Description
BARNYARD MILLET – Kavadapullu/Cholam, Kuthiravali, Udalu, Bhagar, Shyama, Sanwa, Sama
Barnyard millet is a highly nutritious, gluten-free ancient grain, valued for its high fiber and low glycemic index, making it an excellent alternative to refined grains like rice and wheat.
Health Benefits
Diabetes Management: The low glycemic index (GI) of barnyard millet means it releases glucose slowly into the bloodstream, helping to regulate blood sugar levels and preventing sudden spikes, making it an ideal choice for people with diabetes.
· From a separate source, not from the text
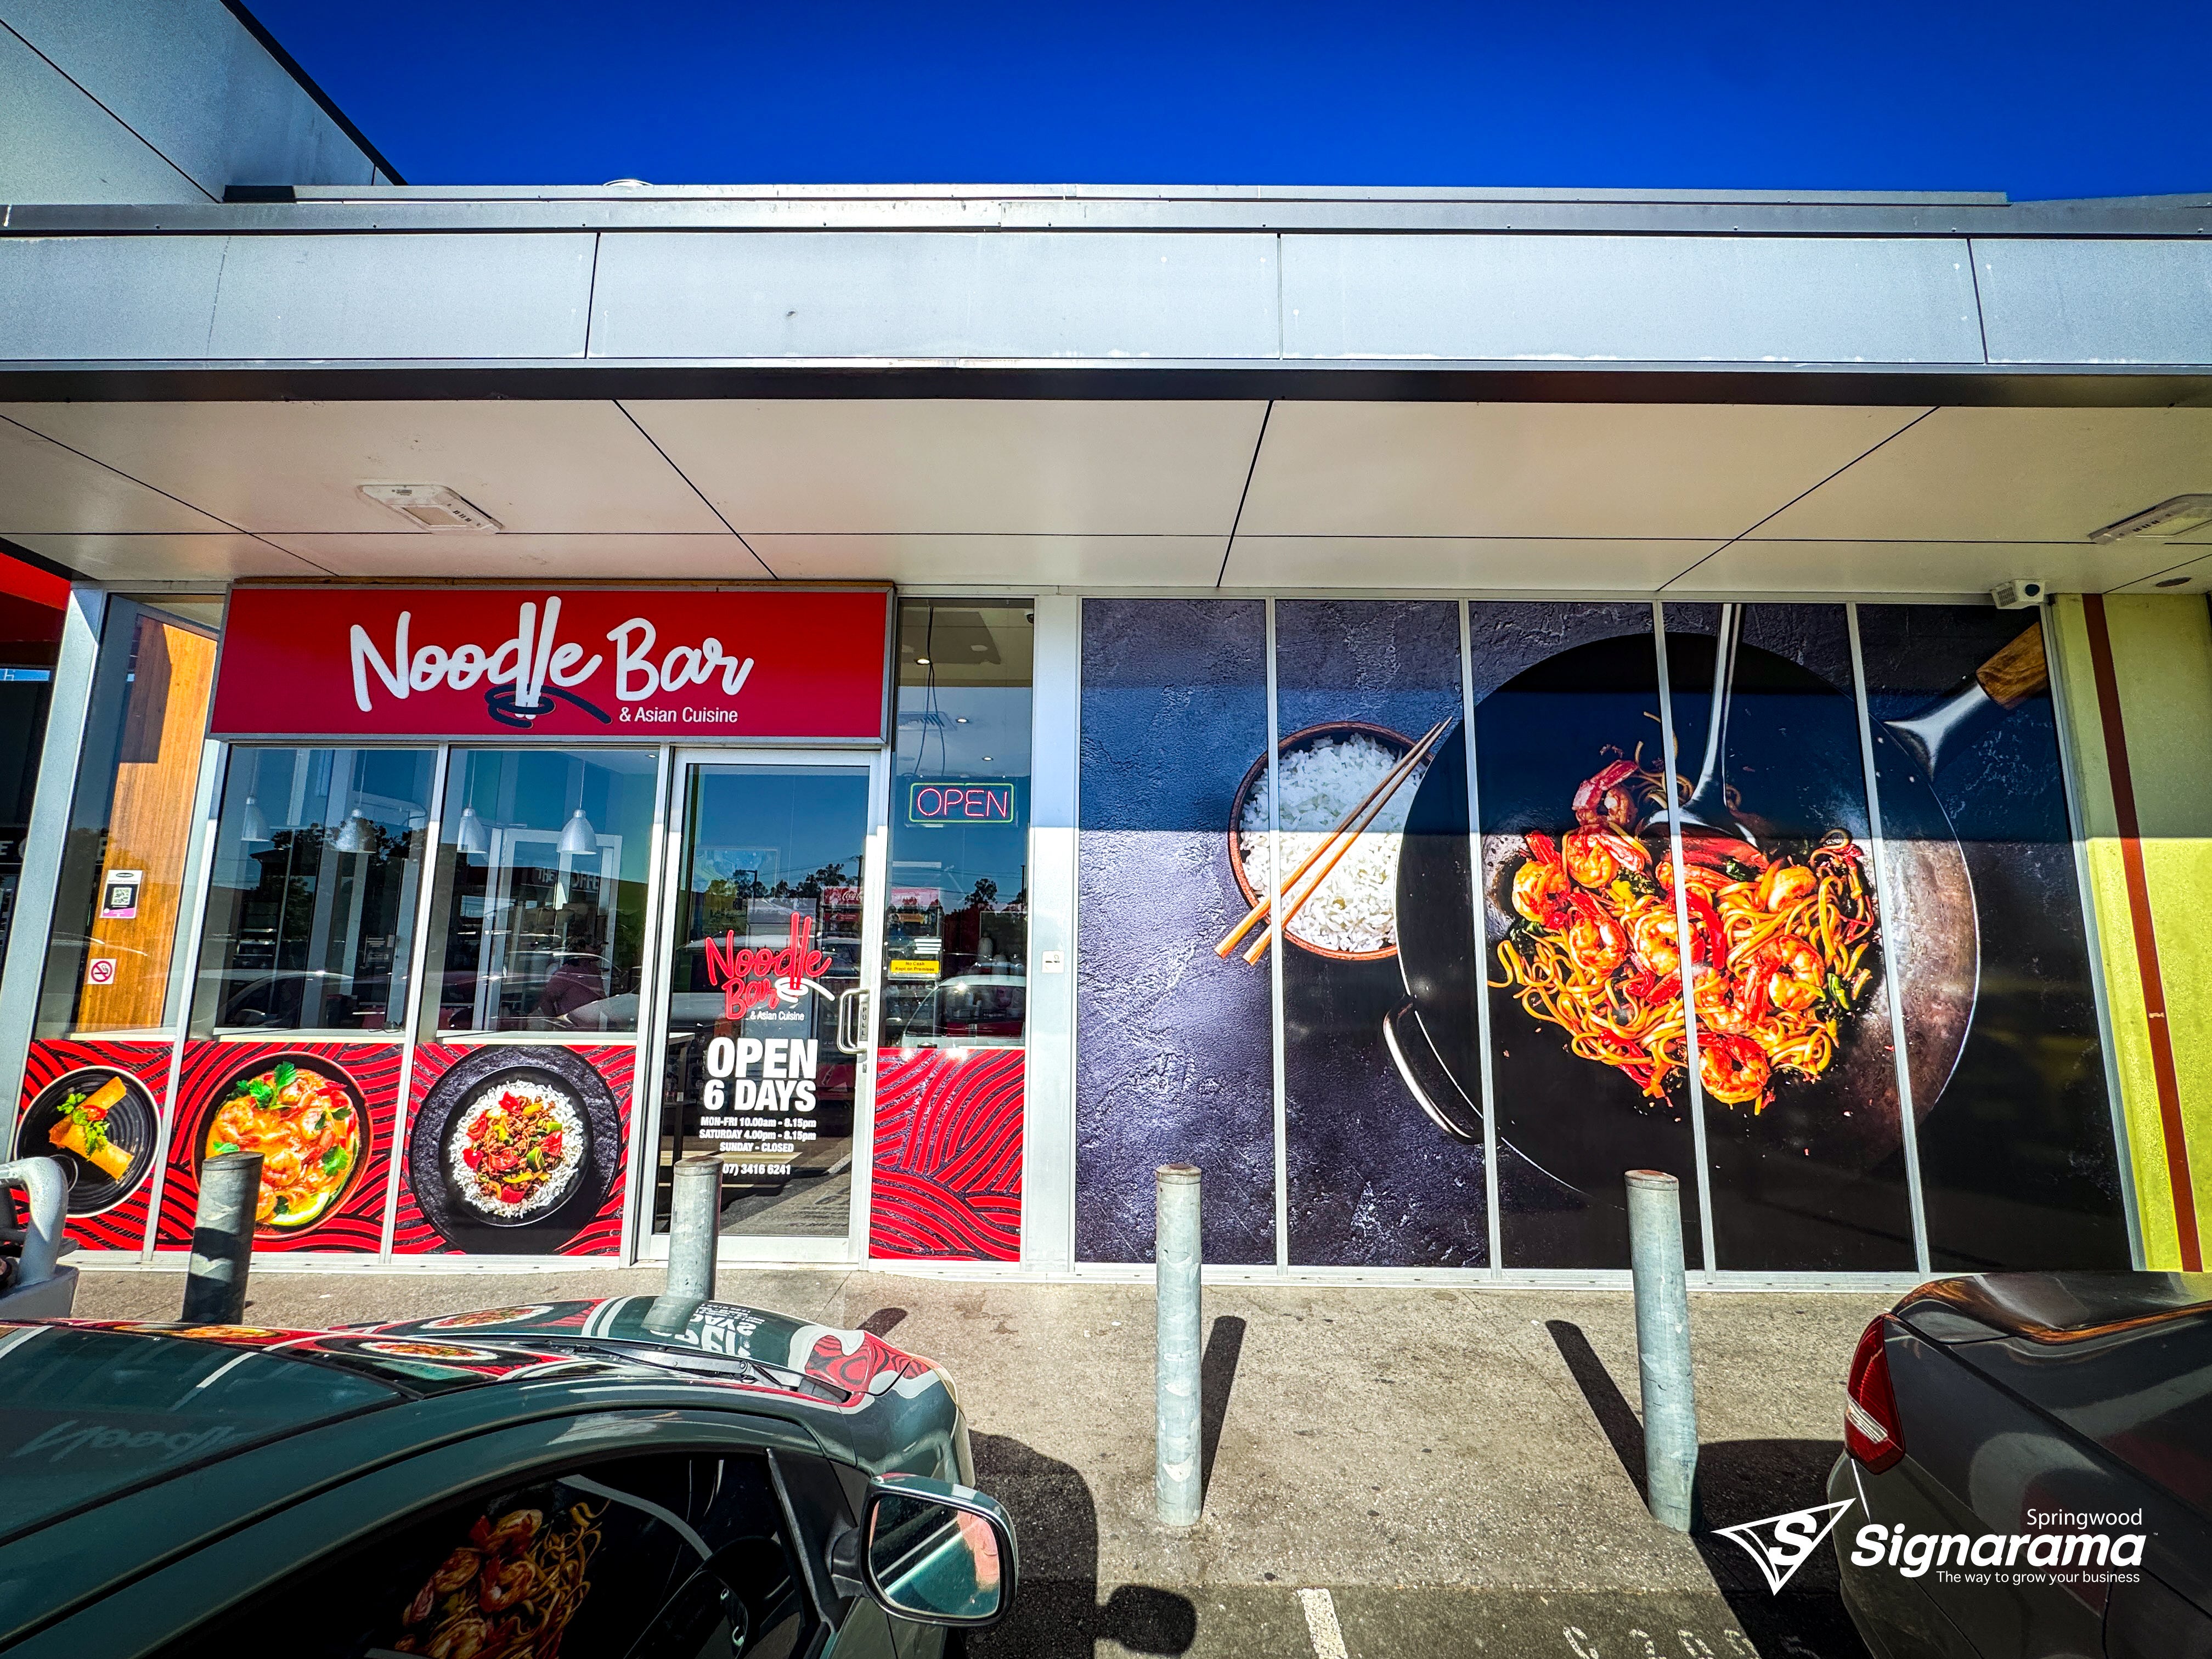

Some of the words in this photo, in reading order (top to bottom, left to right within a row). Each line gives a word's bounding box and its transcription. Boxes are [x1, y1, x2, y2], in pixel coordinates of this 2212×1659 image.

Weight Management: Being rich in fiber and protein, it promotes a feeling of fullness and satiety, which helps control appetite, reduce cravings, and aid in weight loss efforts.
Heart Health: Its high fiber, magnesium, and antioxidant content help lower bad cholesterol (LDL) levels, manage blood pressure, and reduce the risk of cardiovascular diseases.
Digestive Health: The abundant dietary fiber, both soluble and insoluble, supports healthy digestion, ensures regular bowel movements, and can provide relief from constipation, bloating, and acidity.
Rich in Antioxidants: It contains potent antioxidants like polyphenols and flavonoids that combat oxidative stress, reduce inflammation, and support overall cellular health.
Strong Bones and Anemia Prevention: It is a good source of calcium, phosphorus, and iron, which are essential for maintaining strong bones and teeth and for preventing iron deficiency anemia.
Nutrition Facts (per 100g raw) (can vary slightly)
Calories: 300-360 kcal
Protein: 10.5-11 g
Total Fat: 3.6-4.0 g
Total Carbohydrates: 55-73.4 g
Dietary Fiber: 6.7-14 g
Iron: 5-19 mg
Magnesium: 83-174 mg
Calcium: 11-22 mg
Phosphorus: 280-340 mg
Allergens: Millets are generally Allergen-Friendly (Except for Specific Grain Issues) and Gluten-Free and millet allergies are rare. Protein Allergies: Millets contain proteins. If you have a known allergy to a specific type of grain or protein (e.g., certain types of seeds/grains), you should be cautious.
How to Use
Soak the millet 8-12 hours for optimal cooking and digestion.
As a Rice Substitute: It can be cooked like rice (using a 1:2 millet-to-water ratio) and served with curries, sambar, or used in pilafs and biryanis.
Porridge: Cook it with milk or water for a healthy and filling breakfast porridge, adding nuts, fruits, or jaggery for flavor.
Indian Breads/Snacks: Use the flour to make rotis (flatbreads), dosas, idlis, or upma.
Salads and Soups: Cooked and cooled millet can be a great addition to salads, stews, and soups.
Considerations/Caution
Anti-nutrients: Like other whole grains, barnyard millet contains some natural compounds like phytates and tannins. Soaking the millet before cooking can help reduce these compounds and improve nutrient absorption.
Thyroid Function: Individuals with pre-existing thyroid conditions should consume millets in moderation and consult a healthcare provider, as excessive intake might have goitrogenic effects.
Digestion: Due to its very high fiber content, introducing barnyard millet into your diet gradually is recommended to avoid temporary digestive discomfort like gas or bloating.